Je me souviens qu’en 2013, Laurence avait déjà construit deux personnages dont elle ne s’est pas séparée, l’un générique, « l’enfant aux cheveux blancs » dont elle dit avoir vu la désignation dans une lettre de Hölderlin à sa sœur (en fait, il disait « l’enfant aux cheveux gris » : «Si je deviens un jour un enfant aux cheveux gris, il faudra que le printemps et le matin, et la lumière du soir me rajeunissent encore un peu chaque jour, jusqu’à ce que je sente la fin, que j’aille m’asseoir à l’air libre, et là que je m’en aille.»), et l’autre singulier : ce poète inconnu et mystérieux à qui elle avait donné le nom de Yazuki. Il fut un temps où, lisant l’un de ses livres et tombant sur le nom de cet auteur, je me précipitai sur Google pour voir ce que l’on savait de lui. Bien peu de choses à vrai dire : Yazuki était aux abonnés absents, et pour cause puisqu’il sortait purement de son imagination. Il est amusant de savoir que pourtant c’était pour faire un travail sur ce Yazuki qu’elle obtint une bourse pour séjourner à Kyoto pendant quelques mois (d’où fut issu ce petit livre ; « La vie spirituelle »). La chose extraordinaire était que l’attachée culturelle lui avait assuré que Yazuki existait bel et bien mais en version femme, et c’était vrai. Trop malade et fatiguée toutefois pour qu’elle puisse la recevoir. Quant à « l’enfant aux cheveux blancs », j’ai toujours pensé qu’il désignait la personne qui, arrivée à un âge certain, s’est dépouillée des oripeaux de l’apparence sociale et des convenances pour retrouver l’innocence de l’enfant, mais augmentée de l’expérience qui va avec la sagesse. Ce que beaucoup d’entre nous sans doute visent à atteindre, et qui procurerait cette vraie joie, celle que l’on croit deviner chez certaines personnes âgées qui, contrairement à ce qu’on entend toujours sur la tristesse de vieillir, témoignent d’une joie intérieure. Ainsi de Charles Juliet ayant déclaré il n’y a pas si longtemps : « j’ai 84 ans et je n’ai jamais été aussi heureux ».

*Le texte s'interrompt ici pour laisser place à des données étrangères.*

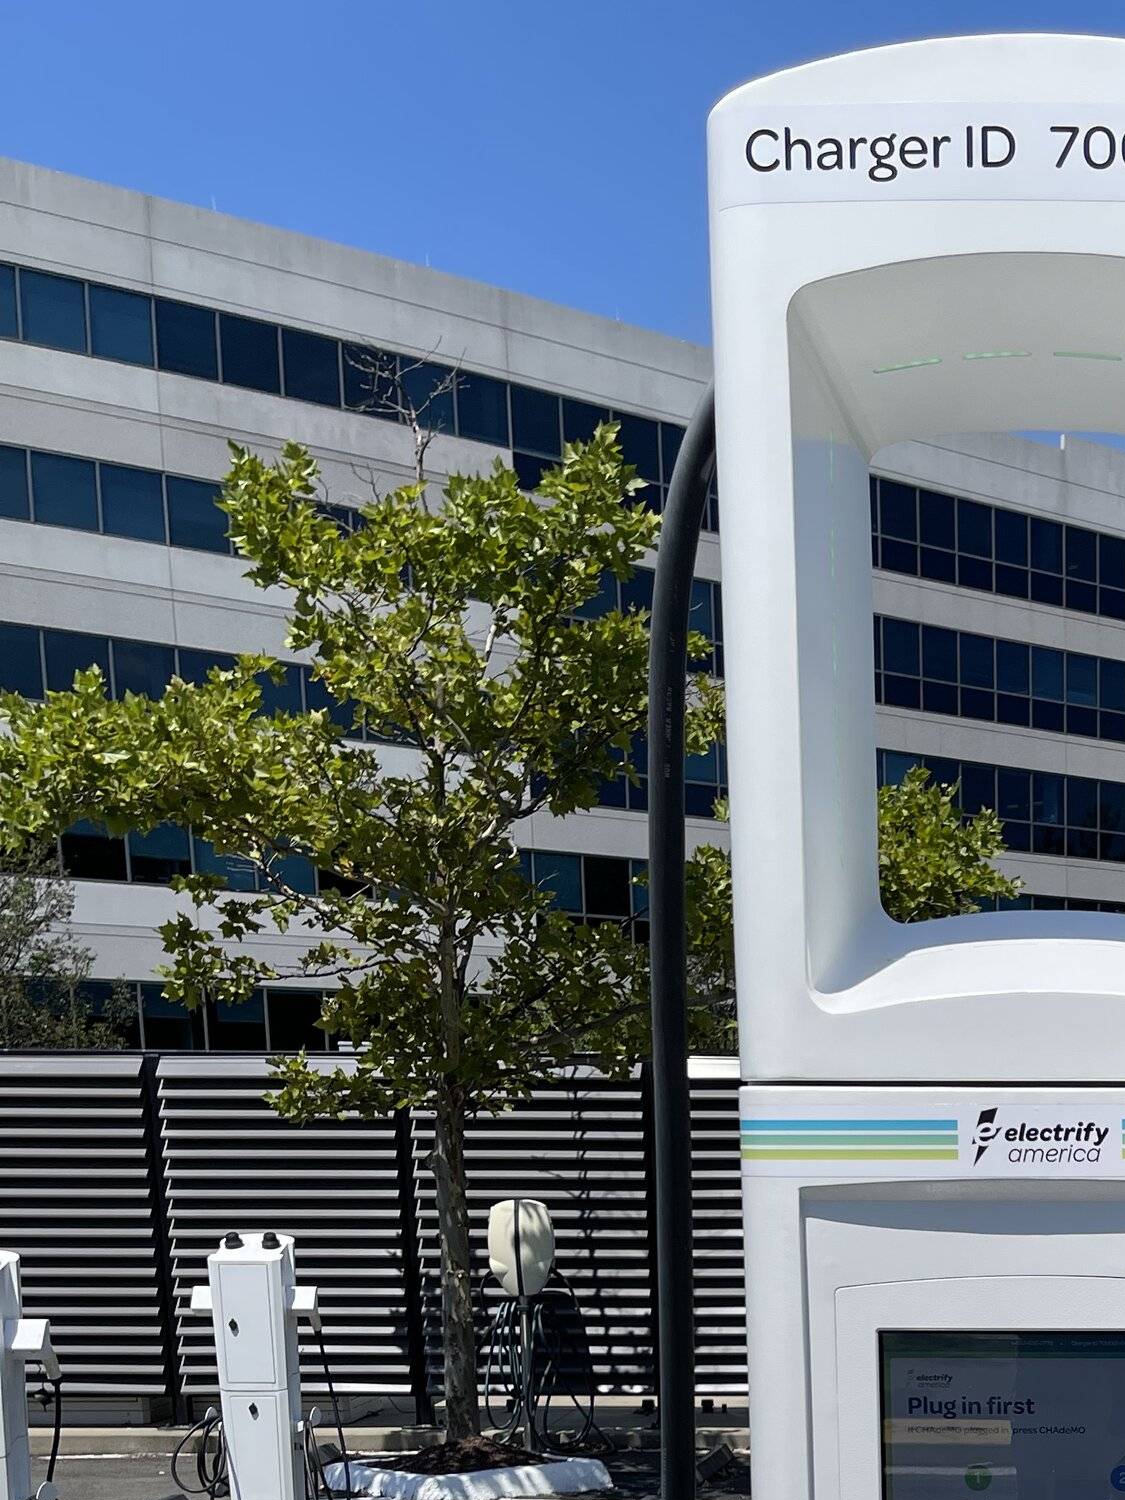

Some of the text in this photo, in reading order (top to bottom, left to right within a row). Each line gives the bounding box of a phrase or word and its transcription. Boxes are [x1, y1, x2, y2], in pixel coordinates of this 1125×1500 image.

Dans Le chagrin des origines, Laurence consacre un chapitre à cet enfant aux cheveux blancs : « J’avais environ trente ans lorsque je découvris l’oeuvre de Carlos Castaneda, ce docteur en anthropologie qui diffusa, à travers ses livres dans les années soixante-dix, les enseignements qu’il reçut d’un sorcier yaqui dans le Nord-Ouest du Mexique ». Et elle raconte sa quête de champignons hallucinogènes qui devaient la conduire vers la modification à volonté de ses états mentaux. Elle tombe grâce à un ami sur les psilocybes, espèce bizarre de champignons qui poussent… en Normandie (en bordure paraît-il des bouses laissées par les bonnes vaches normandes) et elle connaît un état tel qu’elle se dit que désormais elle voudrait toujours le retrouver mais par des moyens autres que la drogue, et que l’écriture pourrait lui servir à cela. Car cet état dont elle avait toujours pressenti qu’il existait, du plus loin qu’il lui souvienne, la renvoyait justement à cette enfance dont nous parlions. Finalement, l’écriture lui restituait ce qu’elle avait décidé de nommer « l’enfant aux cheveux blancs » qui demeure en nous.
Comme elle le dit dans ses ateliers d’écriture, on n’apprend évidemment pas à écrire, pas plus que l’on apprend à dessiner ou à peindre serais-je tenter de dire, on retrouve seulement, au prix le plus souvent d’une modeste ascèse, d’une attention à ce que nous sommes, l’état enfoui en nous qui nous a fait le plus souvent sans que nous le sachions, et bien avant que nous expérimentions nos dispositions, écrivain, peintre ou dessinateur.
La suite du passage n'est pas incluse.